In the following year, the owner of the London Bridge Picture Palace and Cinematograph Theatre, in South London, was prosecuted under Section 2 of the Act after he defied a condition of the licence issued by the local authority, the London County Council, by opening on a Sunday (27 February 1910). In the appeal hearing which resulted, the cinema owner argued that the intention of the 1909 Act was simply to ensure health and safety, and that authorities had no legal power to attach unrelated conditions to cinemas' licences. The LCC won the appeal, which established the precedent that the purpose of restrictions on a cinema licence did not have to be restricted to fire prevention.

In the aftermath of this case, local authorities across the country began to censor the content of films, using their licensing powers under the 1909 Act.
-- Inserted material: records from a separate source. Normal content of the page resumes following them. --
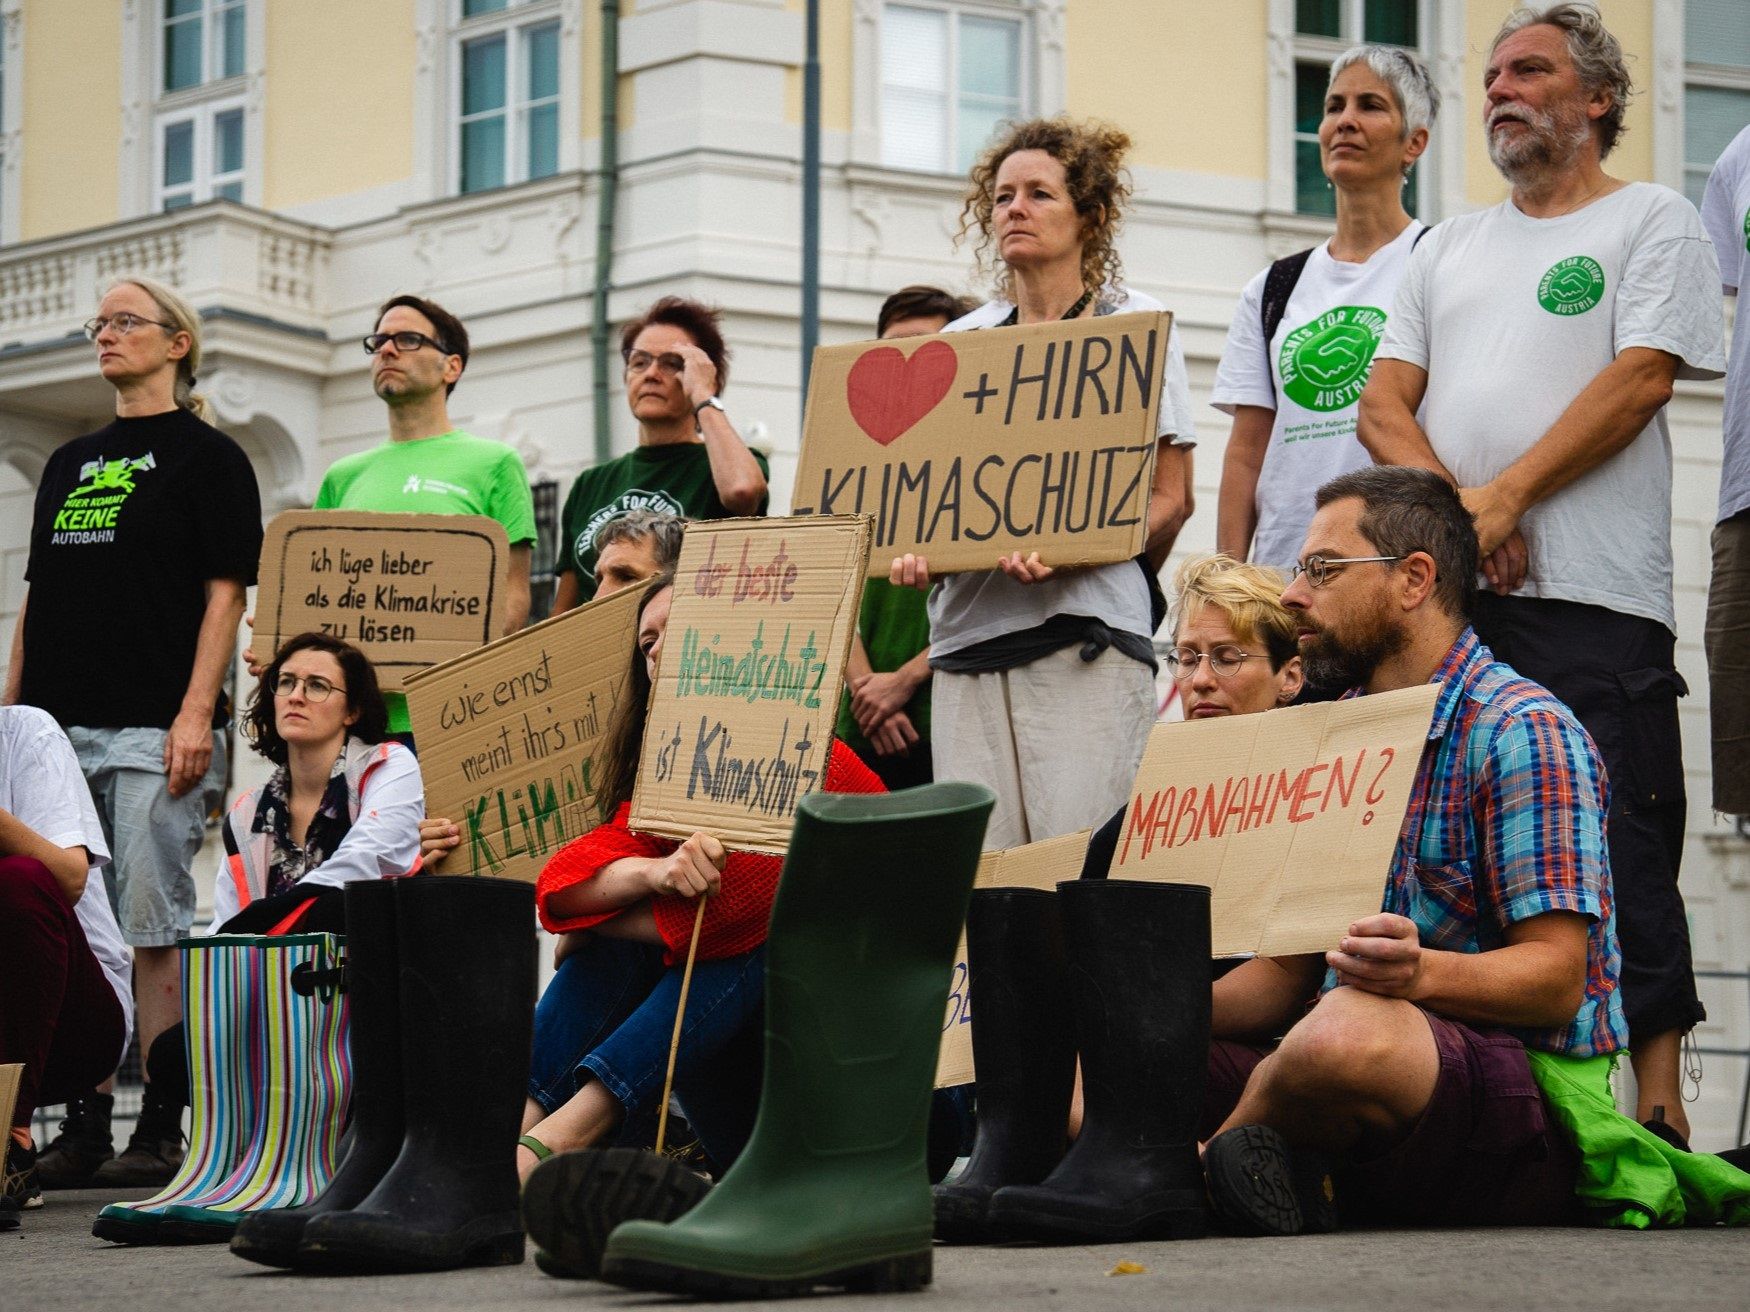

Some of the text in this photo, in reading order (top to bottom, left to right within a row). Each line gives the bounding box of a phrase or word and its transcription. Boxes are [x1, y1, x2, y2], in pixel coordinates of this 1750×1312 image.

[1561, 257, 1578, 268] FOR
[1581, 258, 1602, 284] FUTURE
[1555, 297, 1595, 313] AUSTRIA
[1281, 310, 1384, 384] PARENTS FOR FUTURE
[64, 495, 127, 508] HIER KOMMT
[622, 495, 649, 510] FOR
[54, 506, 121, 529] KEINE
[52, 530, 114, 545] AUTOBAHN
[311, 547, 433, 584] ich lüge lieber
[694, 534, 798, 608] der beste
[305, 584, 480, 615] als die Klimakrise
[320, 615, 415, 642] zu lösen
[677, 619, 828, 709] Heimatschutz
[440, 650, 552, 730] wie ernst
[461, 725, 513, 783] meint
[574, 691, 599, 741] mit
[655, 715, 818, 818] ist Klimaschutz
This concerned the film industry, which was worried that inconsistent censorship policies would undermine it: under this ad hoc system, a film-maker had no way of knowing the size of his potential market (i.e. how many authorities would allow or ban his film), and cinema owners in areas with strict censorship policies would suffer financially compared to those in more liberal towns.

The result was the creation of the British Board of Film Censors in 1912, a private company which examined and certified films according to nationally agreed criteria. It was financed by the fees paid by film-makers to the BBFC to have their films examined. Councils began to issue cinema licences with a provision stating that they may show only films which had been passed by the BBFC, rather than censoring films themselves.
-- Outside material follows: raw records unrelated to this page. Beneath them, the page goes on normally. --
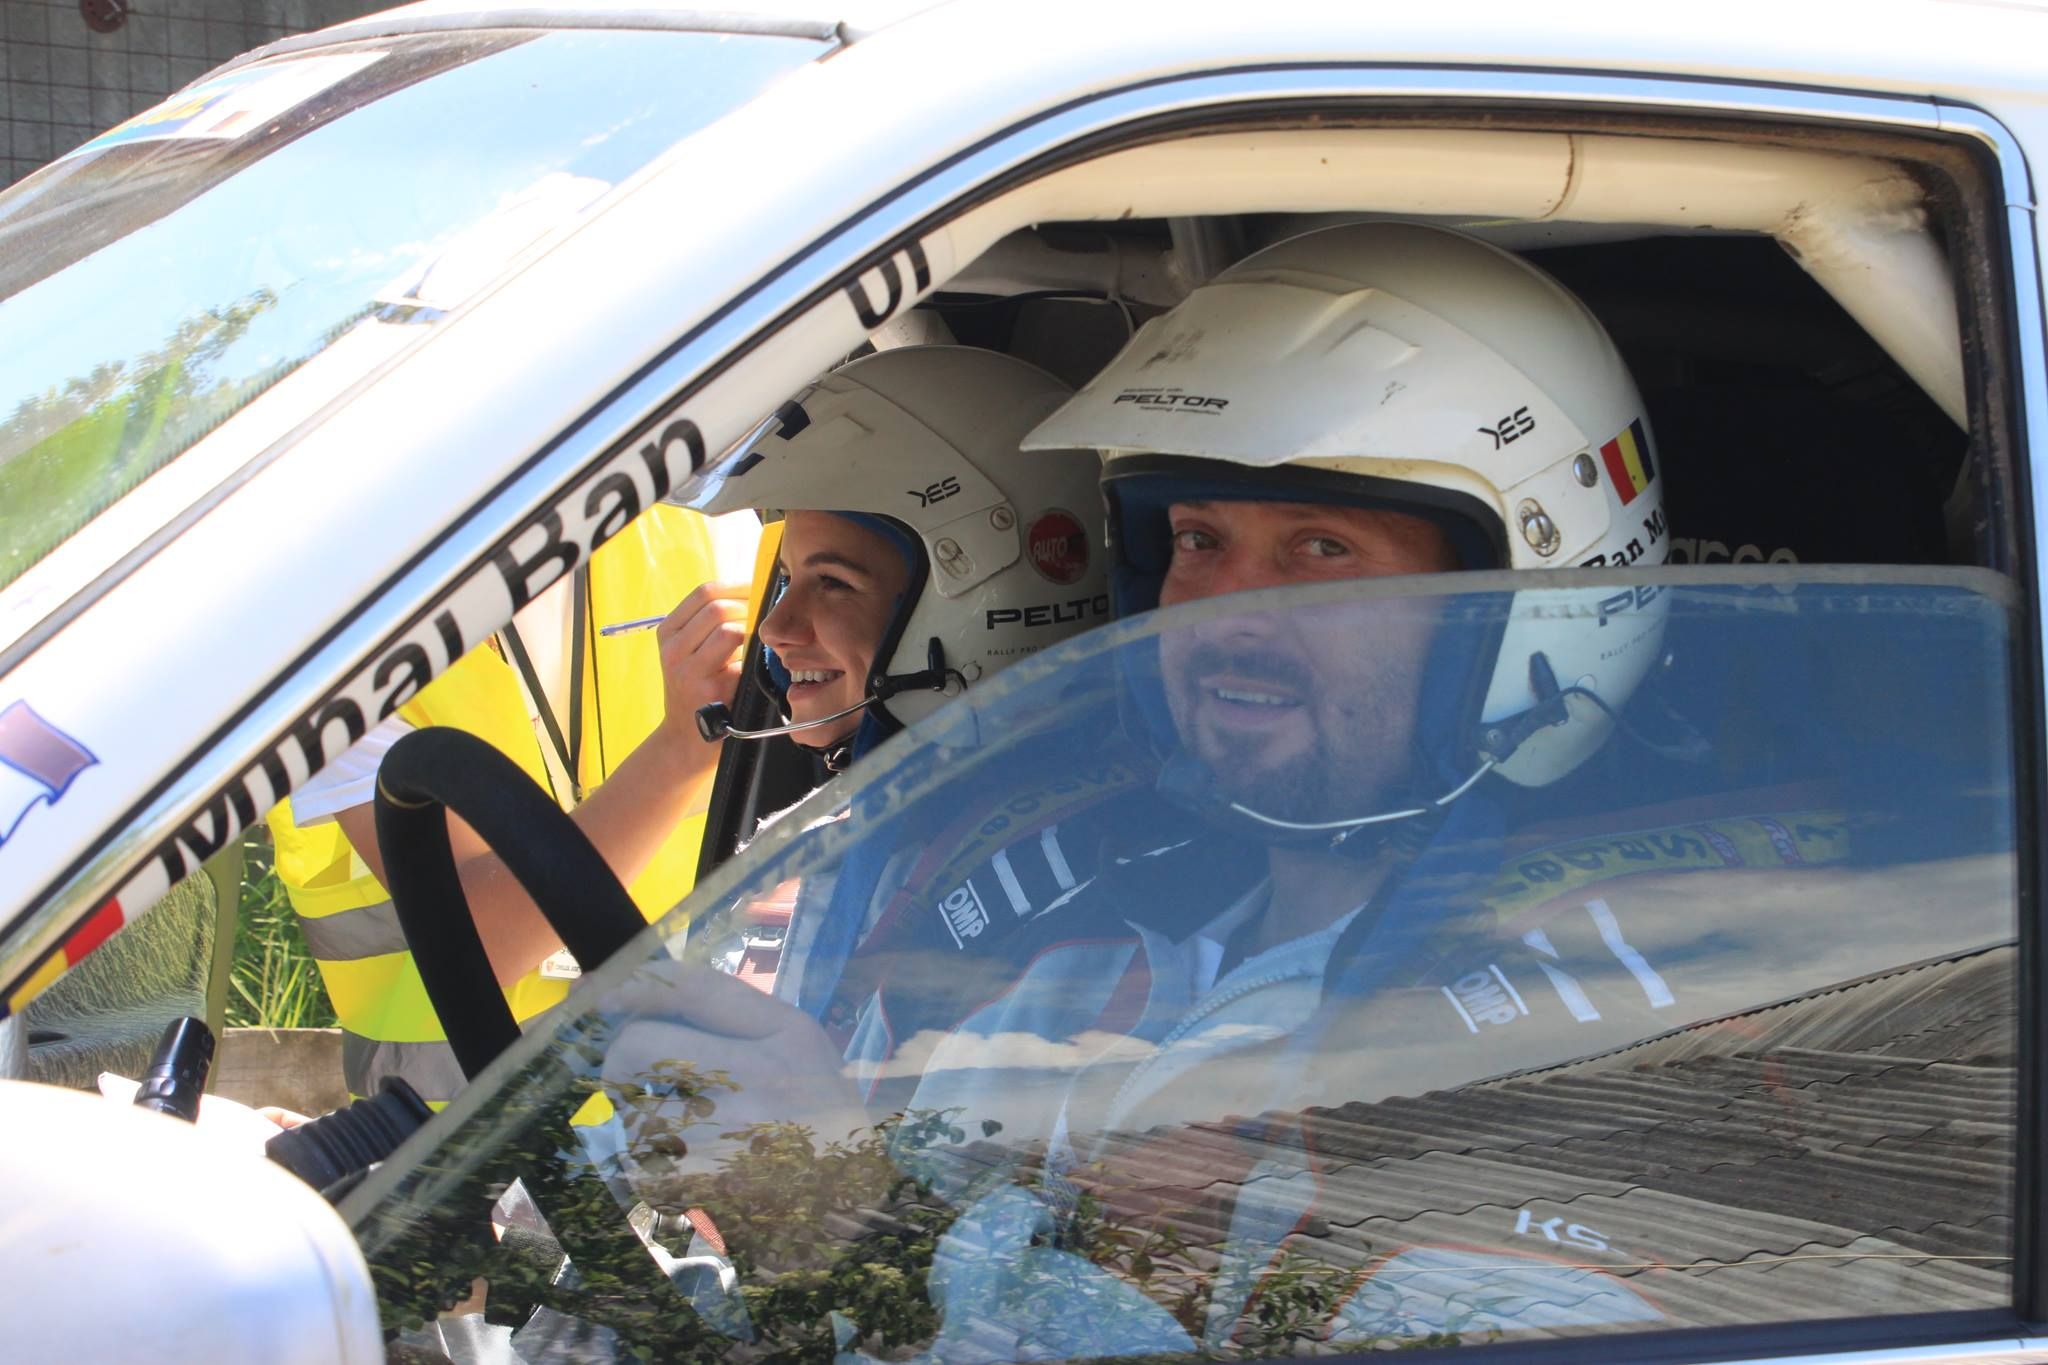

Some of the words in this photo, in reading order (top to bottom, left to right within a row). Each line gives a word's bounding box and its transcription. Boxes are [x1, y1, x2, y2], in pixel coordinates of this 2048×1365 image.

[1114, 394, 1229, 410] PELTOR
[1477, 405, 1535, 450] YES
[906, 475, 961, 508] YES
[495, 418, 706, 614] Ban
[986, 593, 1109, 631] PELTO
[943, 887, 985, 938] OMP
[1455, 970, 1517, 1025] OMP
Although the act itself was later superseded, its provisions remain the legal basis on which the content of films for cinema exhibition is regulated in the UK. There are occasionally high-profile cases in which a local authority overrules a BBFC decision within its given jurisdiction, either to raise the certificate or ban outright films the Board has passed, or to allow screening of films it has not. The BBFC was given statutory powers for the first time in 1985, when it was designated as the classifying authority under the Video Recordings Act 1984, in respect of most commercial video recordings sold or hired in the UK. But these powers do not affect theatrical exhibition, the legal regulation of which remains with local authorities.

In the Irish Free State, the Censorship of Films Act 1923 established an Official Censor of Films and removed the right of local authorities to attach censorship conditions to cinema licences.

== Subsequent developments ==
The whole act was repealed fort the Republic of Ireland by the Fire Services Act 1981.

The whole act was repealed for the United Kingdom by section 24(2) of, and schedule 3 to, the Cinemas Act 1985, which came into force on 27 June 1985.